Navigation

Grown-up Band Kids Help Energize the Crowd

Gibraltar High welcomes adults to practice and play in pep band

Traditionally, high school music booster clubs help raise funds for trips and to purchase equipment or materials that the district budget doesn’t cover, but the Gibraltar Music Boosters took their support for the music program to a new level this month. 

Boosters, along with band parents including Mariah Goode, got permission to invite adults to join the pep band. After passing background checks, a handful of them performed with the high school pep band during the Sept. 23 football game against Gillett.

Goode and band director Charlie Eckhardt welcomed community members to join the fun, and more than half a dozen people quickly expressed interest in playing. But this was not the first time adults have joined the Gibraltar pep band. Last winter, when the Vikings reached the state tournament in basketball, Goode, along with a few Gibraltar alumni who reside in the Madison area, tuned up and turned out to support the team by performing.

Music Boosters leader Sam Perlman, Goode’s husband, said that in a small school such as Gibraltar, band members who also play basketball obviously can’t play instruments during the games.

“Many of the kids who are student-athletes are also in the band,” he said.

It also became obvious last year that the music programs lost a lot of steam in 2020 and 2021 when students spent a bulk of their days learning from home because of the district’s COVID-19 safety protocols.

Perlman said “it’s almost impossible” to practice through virtual learning for band and chorus performances.

(From center to right) Adults playing with the pep band are Amanda Shepit on trombone and Lucas Smith and Eric Schroeder on saxophone. Submitted.

For the first performance of the year, local musicians – including Goode and professional artist and Gibraltar graduate Claire Erickson on clarinet, and local parent and baker Amanda Shepit on trombone – played along with the students, Perlman said.

Math teacher, professional jazz musician and soccer coach Eric Schroeder also joined the band, but it wasn’t a first for him by any means. Schroeder, who played some local saxophone gigs this summer, frequently practices with the Gibraltar bands to provide support and occasionally share some of his knowledge. He also joined the pep band a few times as a lone adult in the group last year.

Schroeder said he didn’t have a lot of advance notice that the adults were going to join the pep band for the Sept. 23 game. When he did learn about it, he rushed home after soccer practice to grab his saxophone. Soccer players and brothers Trey Perlman, who plays clarinet, and drummer Theo Goode grabbed a quick snack and also fetched their instruments from the band room.

Schroeder said it’s fun to play music at the games, and it’s also rewarding to perform in a band with students he normally sees in a classroom setting.

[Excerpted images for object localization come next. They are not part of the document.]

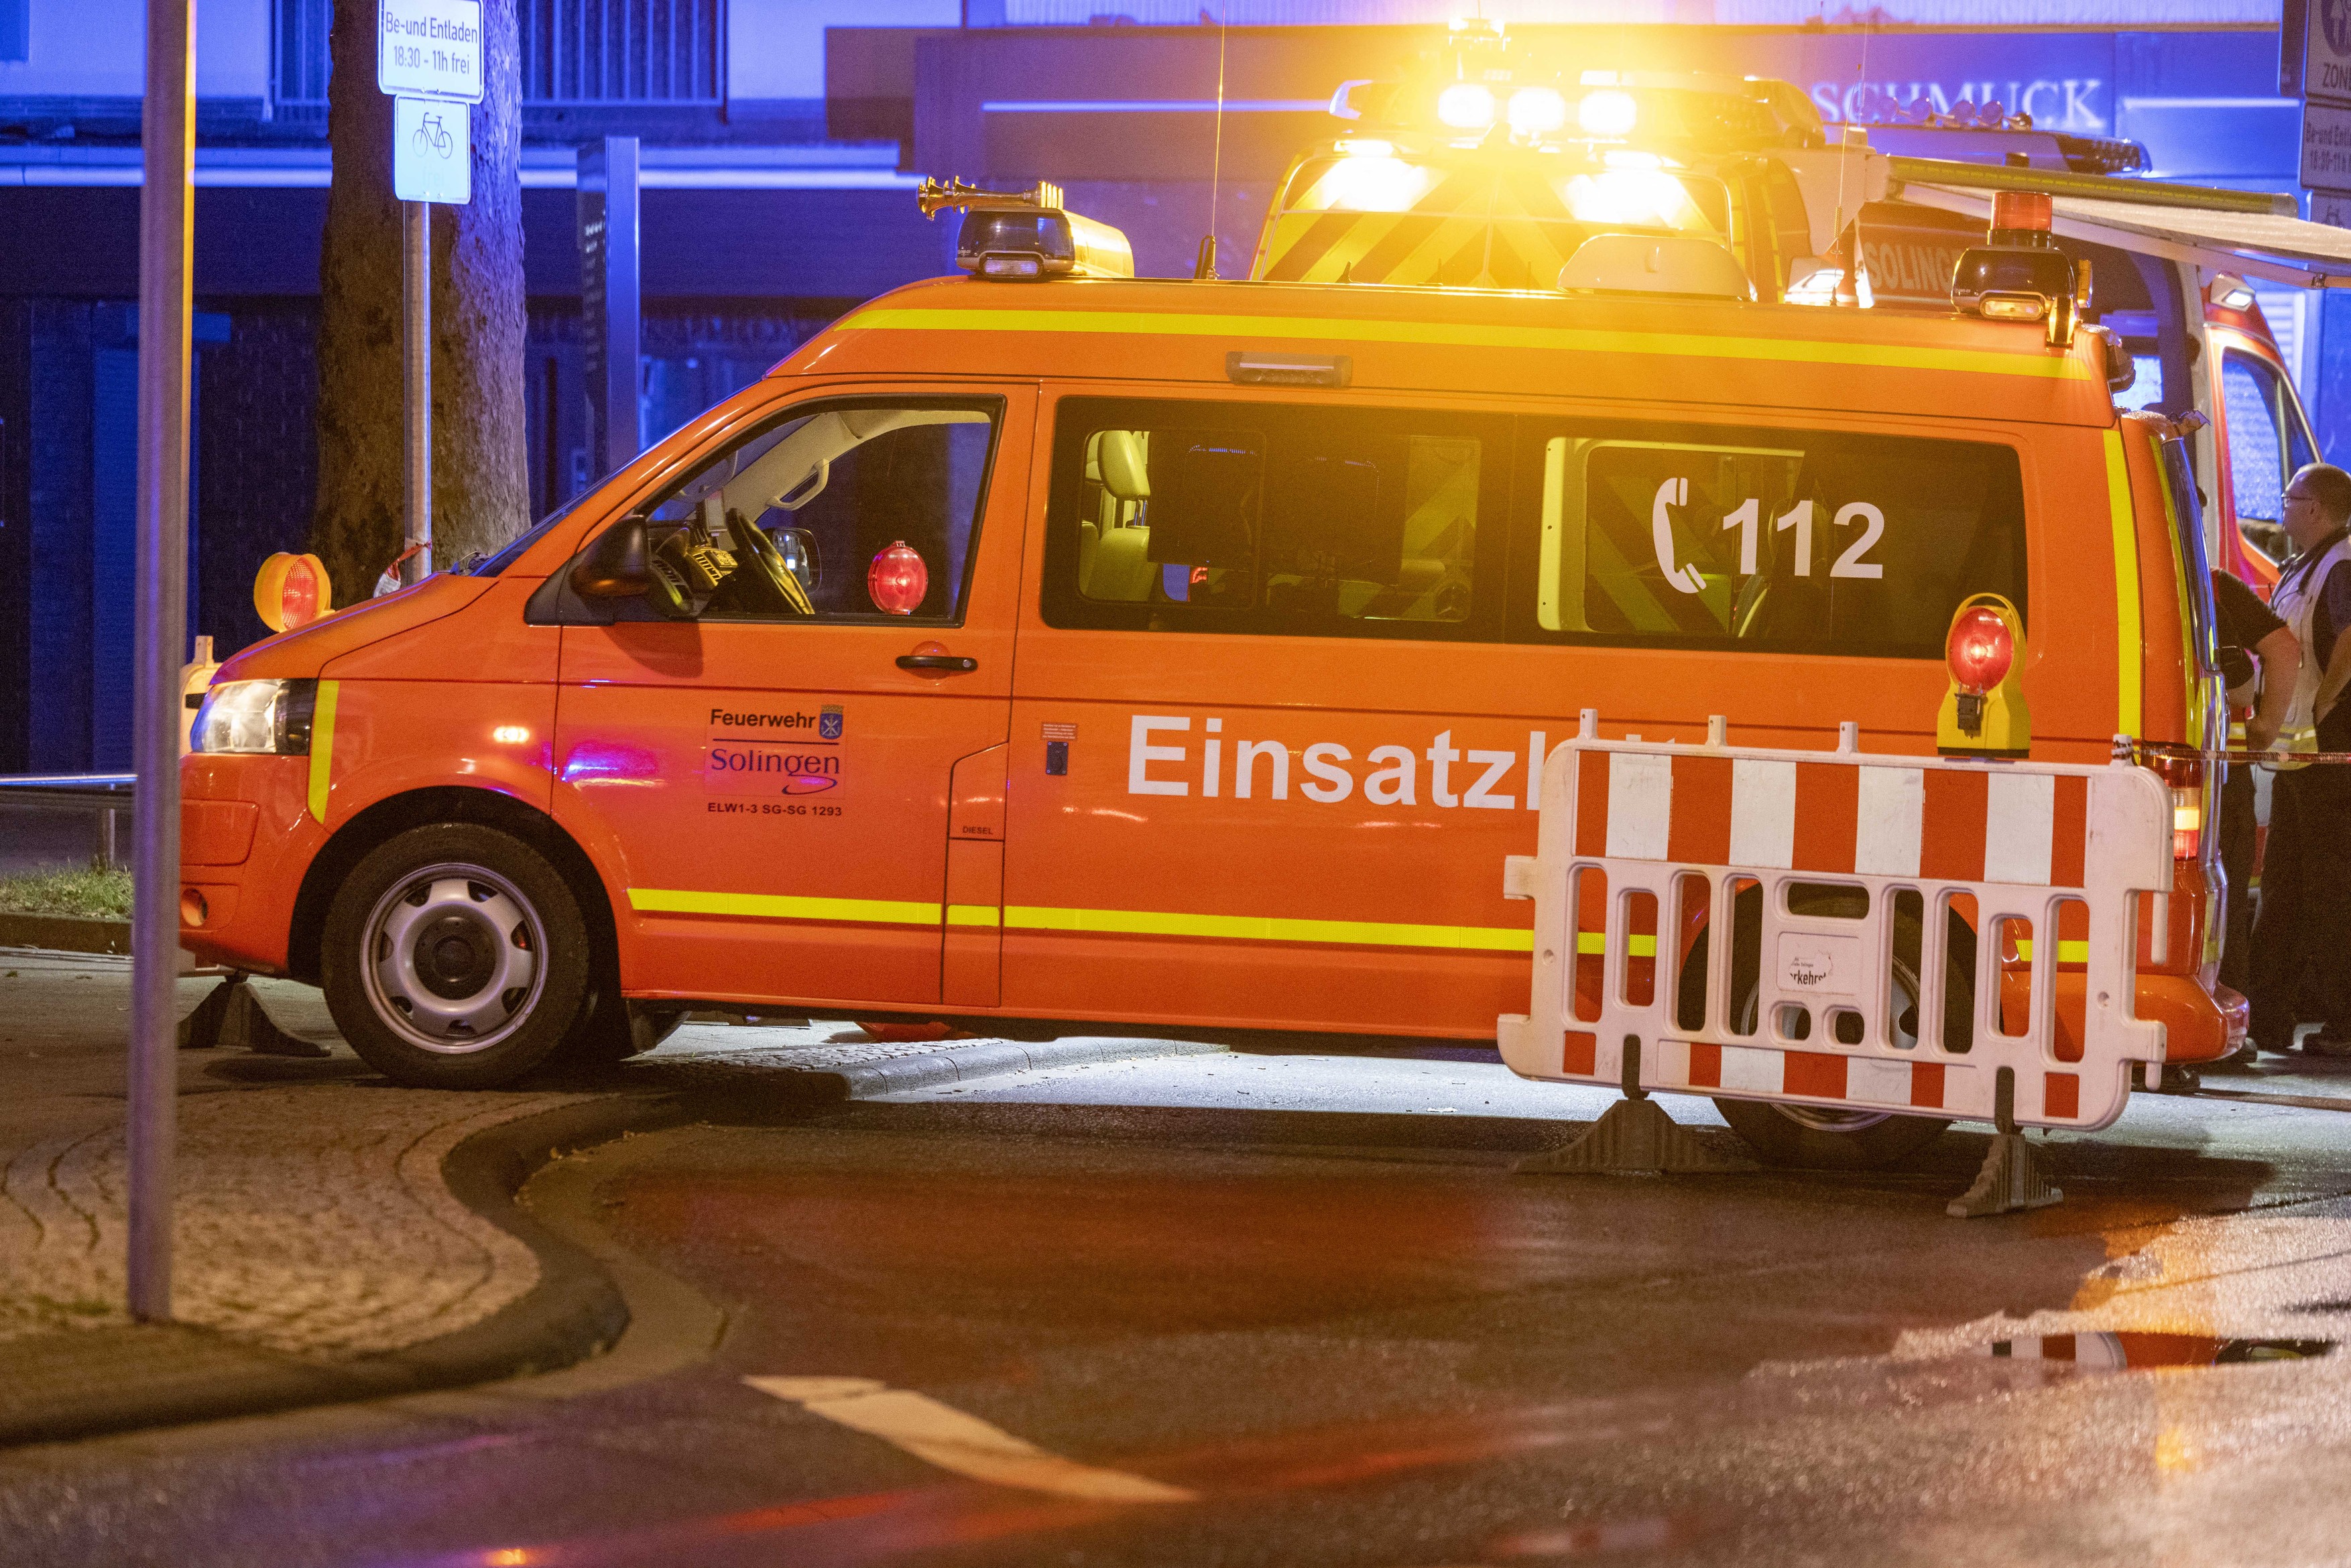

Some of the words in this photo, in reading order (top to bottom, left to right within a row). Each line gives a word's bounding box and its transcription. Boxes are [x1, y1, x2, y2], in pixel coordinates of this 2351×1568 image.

[385, 11, 427, 37] Be-und
[430, 17, 478, 44] Entladen
[394, 46, 420, 68] 18:30
[432, 50, 448, 72] 11h
[452, 52, 469, 74] frei
[1864, 242, 1962, 292] SOLING
[1723, 498, 1884, 579] 112
[711, 709, 815, 729] Feuerwehr
[711, 748, 839, 795] Solingen
[1128, 715, 1546, 811] Einsatzl
[708, 802, 758, 814] ELW1-3
[762, 804, 806, 815] SG-SG
[812, 806, 842, 817] 1293
[962, 826, 993, 835] DIESEL

“It’s an opportunity for me to work with kids I teach and to see a different side of them,” he said.

Goode and Perlman said they would not expect parents, teachers and other adult musicians who volunteer for the pep band to attend every game or performance.

“We don’t want it to be an onerous commitment,” Perlman said. “We really want to bring some positive energy to the music program.”

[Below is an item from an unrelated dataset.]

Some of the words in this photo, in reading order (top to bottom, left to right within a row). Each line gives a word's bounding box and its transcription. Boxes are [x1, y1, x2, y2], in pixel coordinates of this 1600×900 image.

Goode said it’s fun at the games, and Schroeder said it’s great to see community members and parents who want to help “support athletics through the arts.”

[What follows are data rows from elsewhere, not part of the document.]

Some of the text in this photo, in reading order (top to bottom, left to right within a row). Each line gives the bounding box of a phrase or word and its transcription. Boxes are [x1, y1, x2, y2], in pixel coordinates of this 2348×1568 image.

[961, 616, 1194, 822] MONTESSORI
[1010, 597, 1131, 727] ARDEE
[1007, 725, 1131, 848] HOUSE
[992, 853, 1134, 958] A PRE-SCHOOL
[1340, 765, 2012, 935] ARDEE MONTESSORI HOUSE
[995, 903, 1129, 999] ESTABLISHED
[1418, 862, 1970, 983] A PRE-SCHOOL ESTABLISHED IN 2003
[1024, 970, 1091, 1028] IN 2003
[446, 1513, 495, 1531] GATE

Adults who want to help the pep band may contact Goode at [email protected]. Volunteers will need to fill out the district’s Volunteer/Employee Background Check Packet on the school’s website at gibraltar.k12.wi.us/domain/1338.

“Make sure to let me know what instrument you play, and whether you still own it or if we’d need to find you one,” Goode wrote in a note to parents, community members and alumni. “Don’t worry if you haven’t played in a long time – we’ll figure out a way to organize some rehearsals, and it’ll be fun even if we are mostly just following the kids’ lead and playing half the notes (which is what I did last March).”

Goode said the adults would be asked to play at games and meets when student-musicians are busy playing their sports. Though she’s providing a full pep-band schedule to adult volunteers, she said she doubts that the adults would perform at events such as the Homecoming bonfire or Fall Fest parade.